The “stability and security” Americans crave, however, cannot be secured with labor income alone. A new CBS News poll found that 61% of respondents described the U.S. economy as “struggling” and 56% as “uncertain.” They are likely projecting their own economic anxiety and social insecurity onto the nation’s economy at large.
Government will simply have to deliver more in the social welfare space. That means thinking about a Bidenomics that’s closer to the “European Dream” than the American Dream — one where a comfortable life is closer to a right than a privilege, even if wealth accumulation is a tiny bit harder.
Unless Biden can start talking about good jobs alongside robust social welfare policies — universal health care, social housing, low-cost child care, and more — he won’t be speaking to the genuine economic anxiety occupying the minds of a majority of Americans. Even many professional-class childless adults are struggling to secure livelihoods for themselves in major U.S. cities, let alone provide for children.
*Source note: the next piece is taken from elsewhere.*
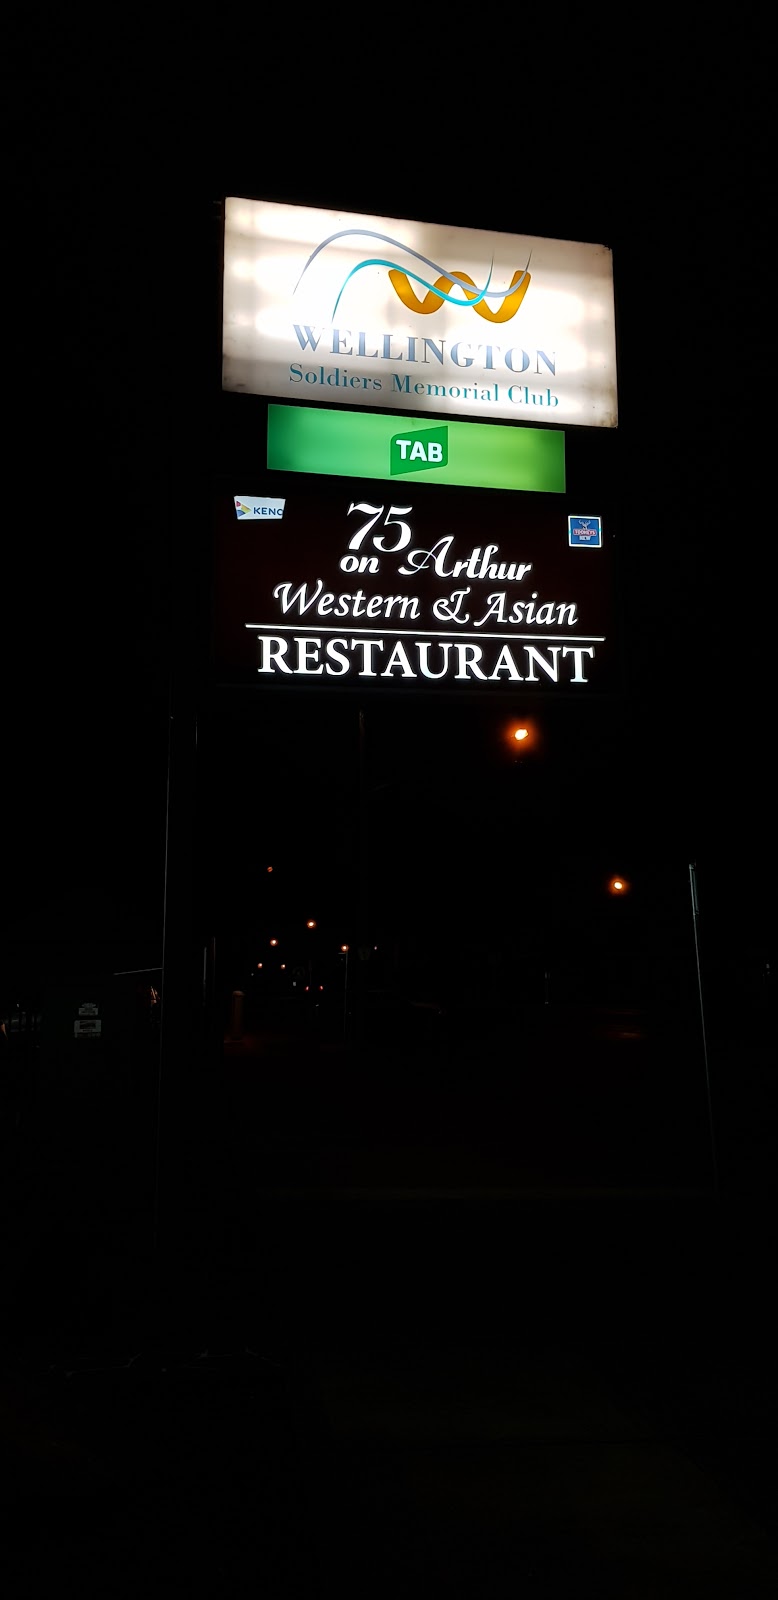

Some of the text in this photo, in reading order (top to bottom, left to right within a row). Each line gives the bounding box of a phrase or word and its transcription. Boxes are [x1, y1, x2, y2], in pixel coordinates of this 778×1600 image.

Much of the economic pain that Americans are experiencing right now almost certainly stems from their inability to afford the basics — a long-standing political economy problem exacerbated by pandemic-era inflation — which other rich countries address with significantly more government intervention in certain sectors. The U.S. is more than 75 years — and counting — behind the United Kingdom on universal health care and the Affordable Care Act isn’t working.
If Biden doesn’t start articulating a more ambitious vision for the U.S. economy and social contract — Bidenomics with a social democratic twist — he may lose to a demagogic Trump who will simply remind voters that their salaries bought them more in 2019 than in 2024. It is 2023, not 1955, and citizens of a rich country with a center-left president are entitled to expect a little more help with the basics from their government.
Biden talks about Bidenomics as delivering “dignity” and “respect” for workers, but who feels respected and dignified when their 40-hours-a-week can’t even deliver access to basic health care and shelter? A serious center-left politician should understand that jobs alone can’t meet all the needs of working-age citizens. If Biden is incapable of speaking about expanded welfare provision alongside economic growth, he may not be the Democratic nominee that the moment demands.